Los problemas de presión de agua en un lavabo de baño rara vez son causados por un fallo del sistema de plomería en sí; casi siempre son un síntoma de acumulación localizada de minerales o de una válvula de suministro ligeramente cerrada. Cuando tu grifo empieza a gotear en lugar de fluir, el culpable suele estar en la punta de la boquilla, ahogando el flujo antes de que llegue al aire. Restaurar la presión completa es una tarea sencilla que no requiere nada más que una llave inglesa y un poco de paciencia. Al eliminar los depósitos calcificados que se acumulan en el aireador y asegurarte de que tus líneas de suministro estén completamente abiertas, puedes ahorrarte una llamada de servicio. Un trabajo bien hecho resulta en un chorro constante y aireado que funciona exactamente como lo hizo el día en que se instaló el grifo.

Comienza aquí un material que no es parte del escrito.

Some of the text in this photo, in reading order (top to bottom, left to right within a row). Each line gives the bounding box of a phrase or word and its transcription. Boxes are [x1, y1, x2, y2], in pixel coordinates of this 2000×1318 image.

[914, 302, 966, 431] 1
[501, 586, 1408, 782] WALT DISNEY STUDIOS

  1. Desenroscar e inspeccionar. Desenrosca el aireador del extremo del grifo con una llave inglesa ajustable o alicates, teniendo cuidado de proteger el acabado con un paño. Inspecciona la malla interior en busca de sedimentos atrapados o depósitos minerales.

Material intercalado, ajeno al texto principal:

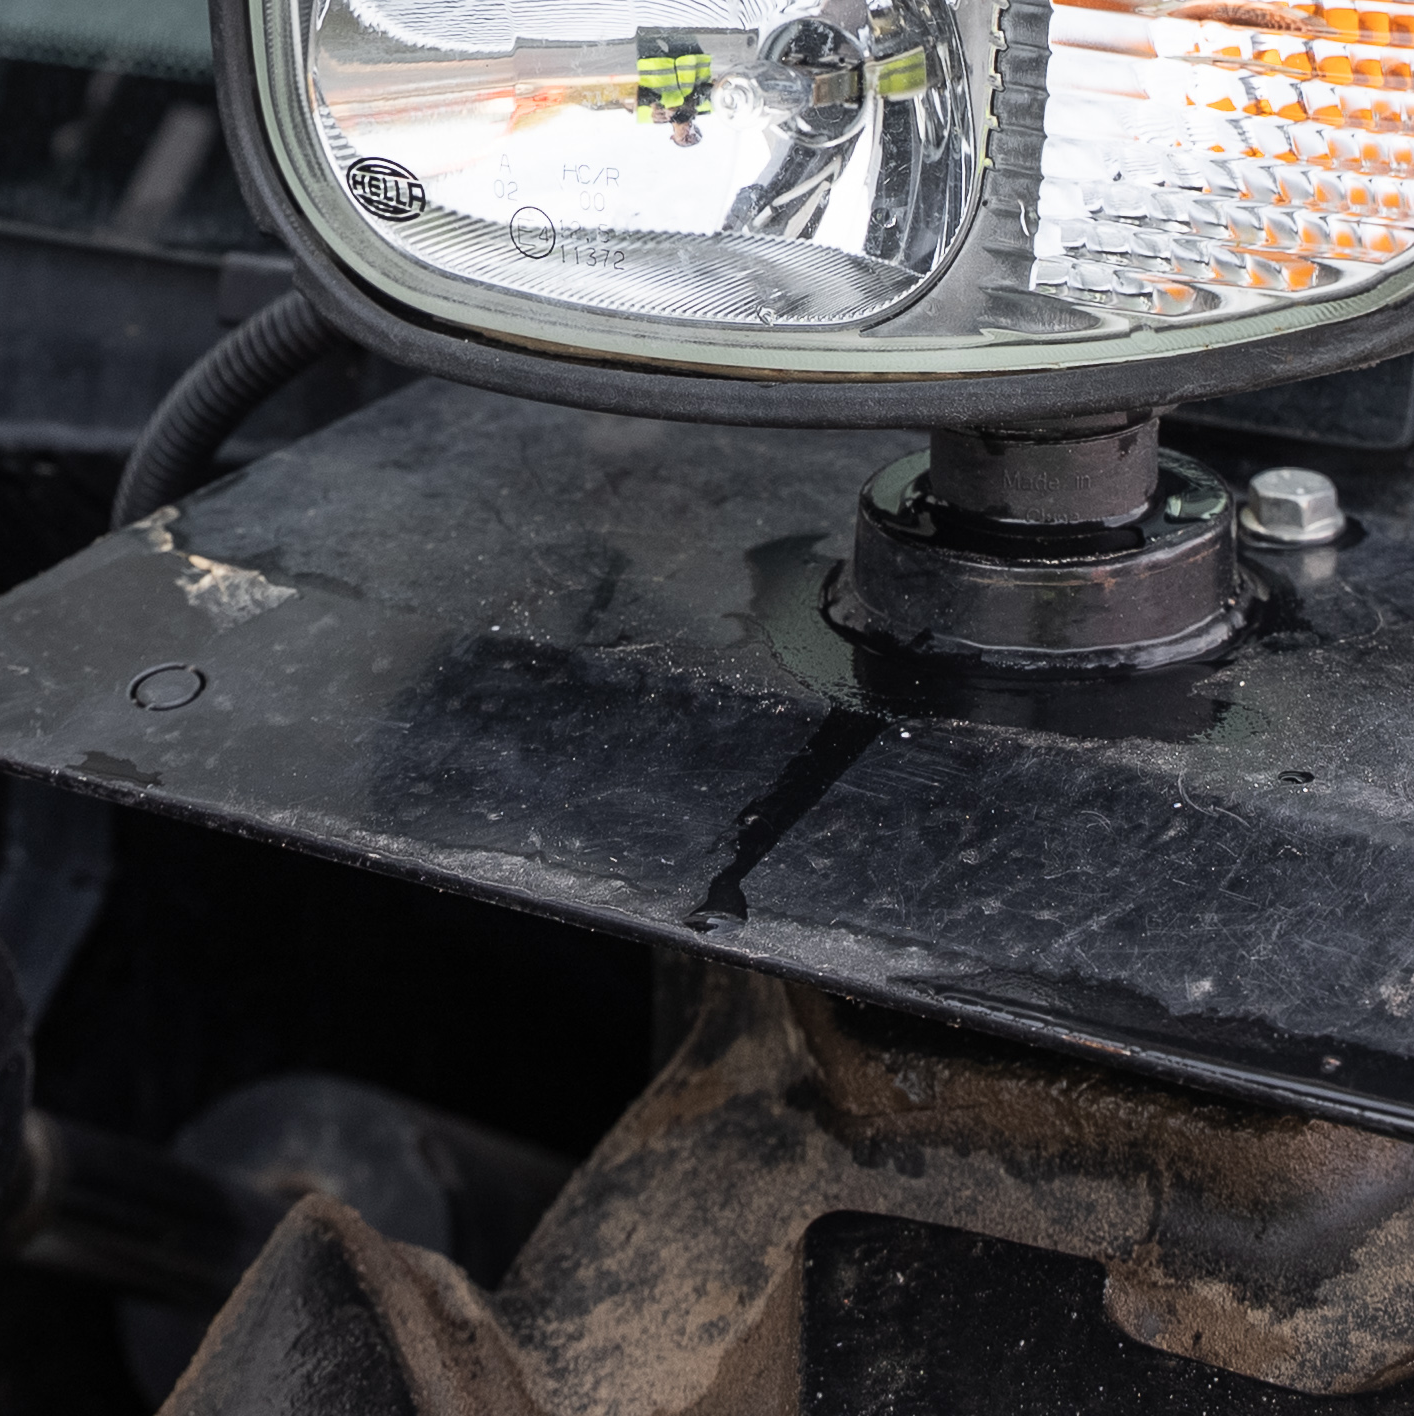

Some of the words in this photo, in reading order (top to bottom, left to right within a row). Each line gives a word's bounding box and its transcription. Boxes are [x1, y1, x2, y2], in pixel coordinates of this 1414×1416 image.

[499, 153, 513, 174] A
[561, 163, 620, 187] HC/R
[351, 172, 426, 213] HELLA
[493, 179, 518, 201] 02
[579, 190, 605, 212] 00
[517, 217, 550, 249] E4
[560, 244, 626, 271] 11372
[1002, 469, 1060, 491] Made
[1074, 472, 1092, 491] in

  2. Disolver la acumulación. Remoja el aireador retirado en vinagre blanco durante treinta minutos para disolver la acumulación de agua dura. Si la malla está dañada o muy corroída, reemplázala con un aireador nuevo del mismo tamaño.
  3. Abrir ambas válvulas. Mira debajo del lavabo para localizar las dos válvulas de cierre. Asegúrate de que las manijas de agua fría y caliente estén giradas completamente en sentido contrario a las agujas del reloj hasta la posición abierta.
  4. Purgar las líneas. Con el aireador aún retirado, coloca un cubo sobre el extremo abierto del grifo. Gira las manijas del grifo a la posición completa de 'encendido' para eliminar cualquier sedimento suelto de las líneas de suministro.
  5. Buscar obstrucciones. Si el flujo sigue siendo pobre, desconecta las mangueras flexibles de suministro del grifo y de las válvulas de cierre. Busca torceduras en la manguera u obstrucciones en la salida de la válvula.
  6. Reensamblar y verificar. Vuelve a conectar las mangueras de suministro, aprieta el aireador de nuevo en el grifo y abre el agua lentamente. Verifica si hay fugas en los puntos de conexión.